My daughter Emily called me from college, crying because she heard about Mike Snelgrove’s passing – apparently from a heart condition. We spoke for a while about what a real impact he had made on her life. Not just that he had been a strong influence for her to pursue a cheer scholarship to HPU, but what a good person he was. She was feeling the horrible guilt we all do when someone we care about leaves our world. We don’t stay in touch, tell them that we care about them, or even thank them. So the next day I found the funeral home online-obituary and posted my thoughts, hoping so much that Mike’s little girl would someday know how her daddy had positively impacted those he touched.

By now, I’m thinking he’s well aware of my feelings:
Mike Snelgrove was a coach at Extreme All Star Cheerleading in Melbourne, Florida for years. I hope he knows how many little people he touched, and what a positive influence he was at such a vulnerable age. These adolescent years are probably the most important formative times of our lives. (Don’t we all remember them vividly, even decades later?) These are children, and they never feel good enough, never quite feel that they measure up to goals at home, at school, and especially with their peers. Mike was the rock that God calls us all to be. My Emily and later Cullen spent several hours a day, and often 5 days a week at the gym. He was a constant source of affirmation. Positive energy that was so authentic. Mike was the genuine thing. He loved these kids and they loved him. He told them how talented they were, even when they really weren’t. How he could tell how hard they had been working, and just how hard they were trying. “Good job!” “I’m so proud of you!” They formed their little fraternity, their club that only their squad could understand … the stress, excitement, sweat, blood, pain, failure, success, failure again, practice, keep trying, practice, competition, keep working, you’re awesome, I’m so proud, you can do this, wow that was awesome, wow I’m so proud of you. None of their school friends got it – they didn’t need to. They had their cheer friends who did “get it.” They knew, so what others thought at school mattered a lot less. They knew they were awesome. Cause Coach Mike said so.

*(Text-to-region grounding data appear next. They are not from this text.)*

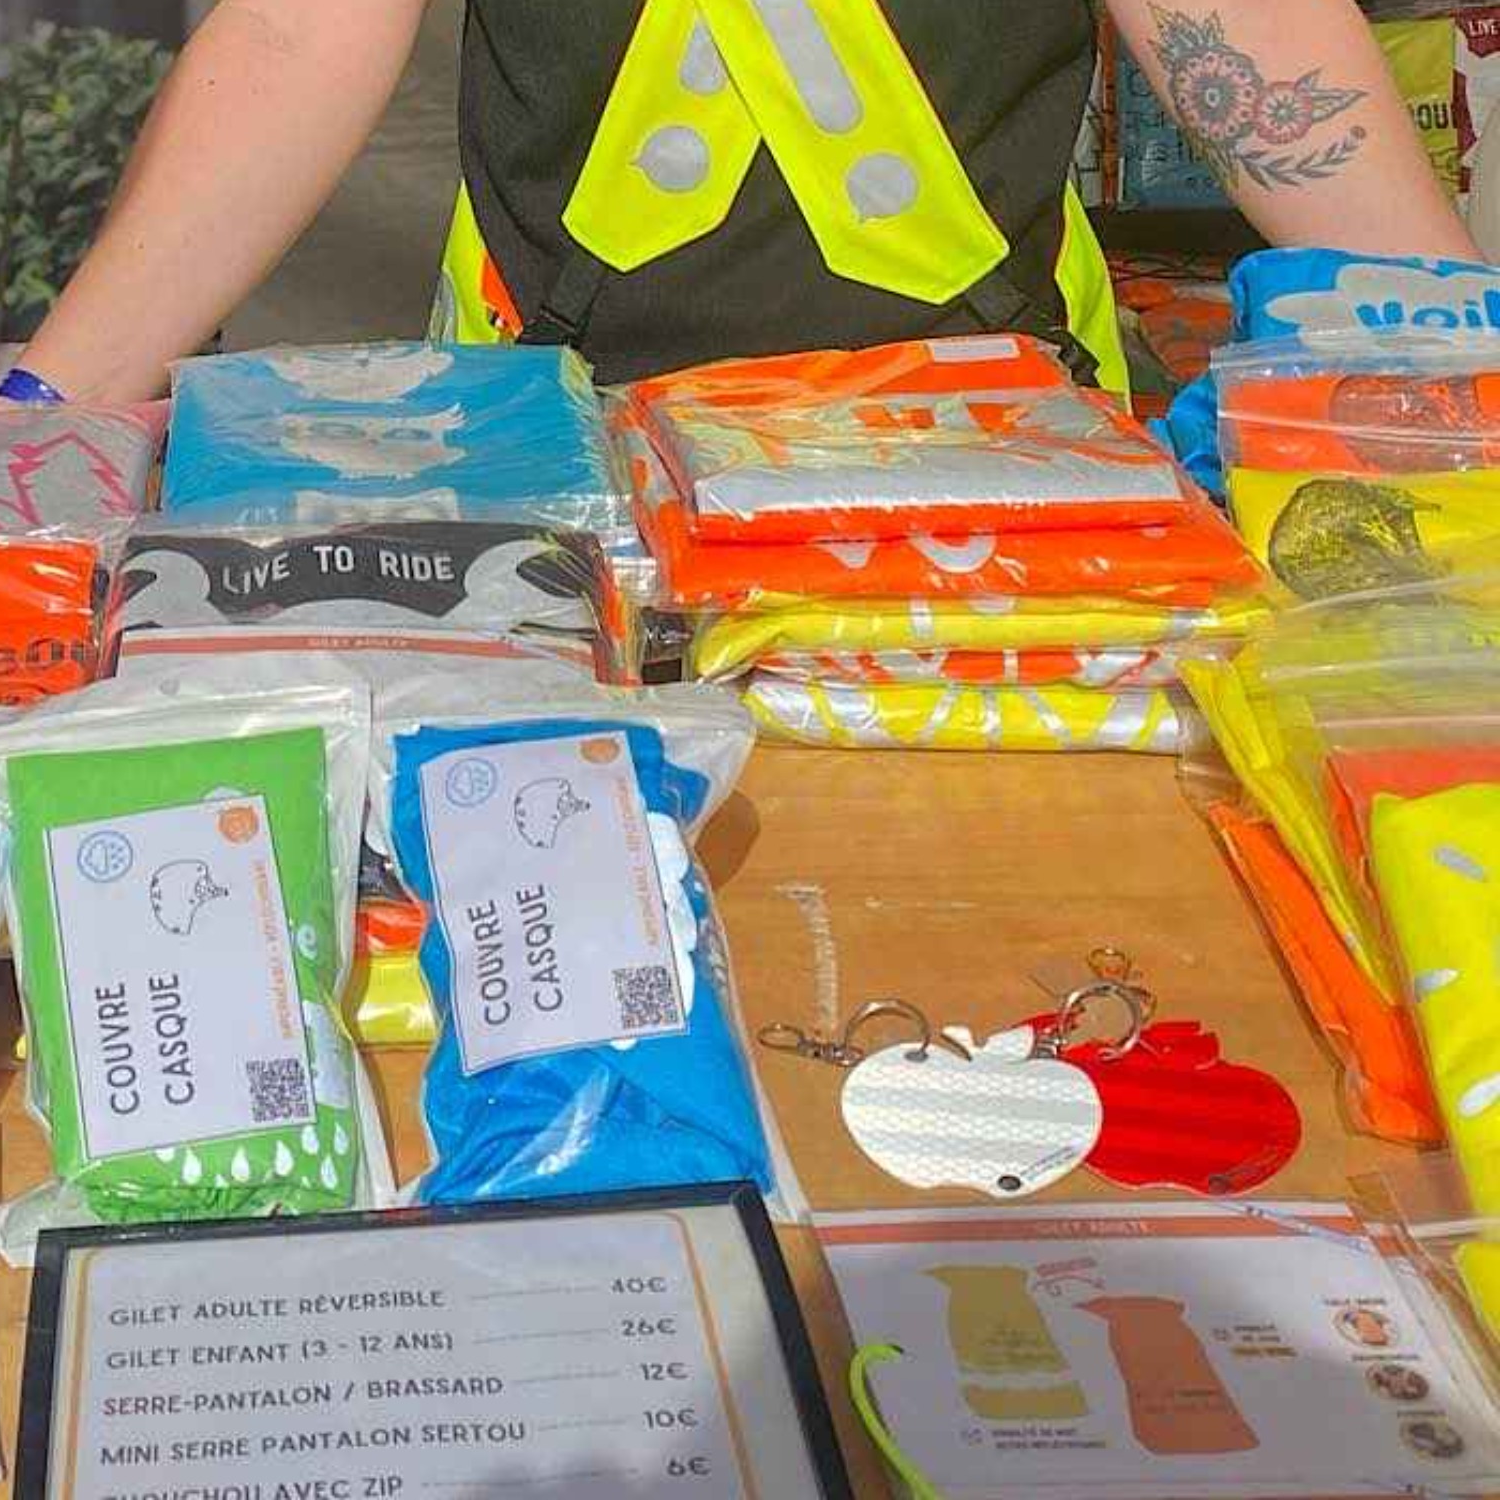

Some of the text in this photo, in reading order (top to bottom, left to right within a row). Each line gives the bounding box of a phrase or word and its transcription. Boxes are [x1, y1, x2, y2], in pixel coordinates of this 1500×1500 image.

[223, 546, 454, 594] LIVE TO RIDE
[467, 900, 511, 1026] COUVRE
[516, 883, 564, 1012] CASQUE
[95, 982, 140, 1115] COUVRE
[149, 973, 194, 1105] CASQUE
[108, 1305, 181, 1326] GILET
[192, 1299, 287, 1319] ADULTE
[611, 1276, 667, 1295] 40€
[105, 1346, 180, 1370] GILET
[192, 1342, 288, 1364] ENFANT
[301, 1339, 328, 1360] (3
[360, 1336, 383, 1353] 12
[394, 1331, 454, 1351] ANS)
[621, 1317, 678, 1337] 26€
[102, 1361, 689, 1417] SERRE-PANTALON / BRASSARD 12€
[100, 1408, 700, 1467] MINI SERRE PANTALON SERTOU 10€
[276, 1478, 350, 1500] AVEC
[362, 1474, 404, 1497] ZIP
[666, 1456, 713, 1477] 6€

Mike was a man’s man, a real guy, as I’m sure his military buddies know. But he didn’t judge, he didn’t need to. Not only did he keep little girls from feeling inadequate and weak and failures like we all do in adolescence; he was also an inspiration to the boys. Constant “attaboys” and high fives and hugs. They were working so hard, and Coach Mike appreciated it. And some of these boys had a different kind of a struggle than any of us can even imagine. As concerning as having a gay son is to many parents, we can’t imagine the inner angst and confusion, and lack of worth they often feel. Coach Mike looked past this, and made them feel OK with who they were. Their sexuality may or may not be a struggle, may or may not be real, may be painful, may be a source of torment and fear. But Coach Mike made it irrelevant, because these were also great kids, hard workers that needed a hug and to be told it was gonna be OK.
I don’t think he really got it, how important he was to them, what a wonderful role model, how loved he has been by hundreds of little people over the years.
I explained to my crying daughter Emily not to be sad; she must be so thrilled that such a positive influence had come into her life at such a hard time for her. Many of her friends were headed the wrong direction, and cheerleading had been a stress valve, the positive channel for her energy and daily frustrations. She worked so very hard and is a much better person for it. I reminded her to make a positive thing out of her friendship with Coach Mike. Remember the ripple effect. She wasn’t even in his inner circle of family and close friends, and yet he had still made such an impact almost ten years later: to remember how we influence every person we’re with every day of our lives, and to pay him forward with each and every person we lift with our words and deeds. He lives in his legacy, that cup of loving enthusiasm that over flowed onto everyone he touched. And I know my kids lives were made better for having known him.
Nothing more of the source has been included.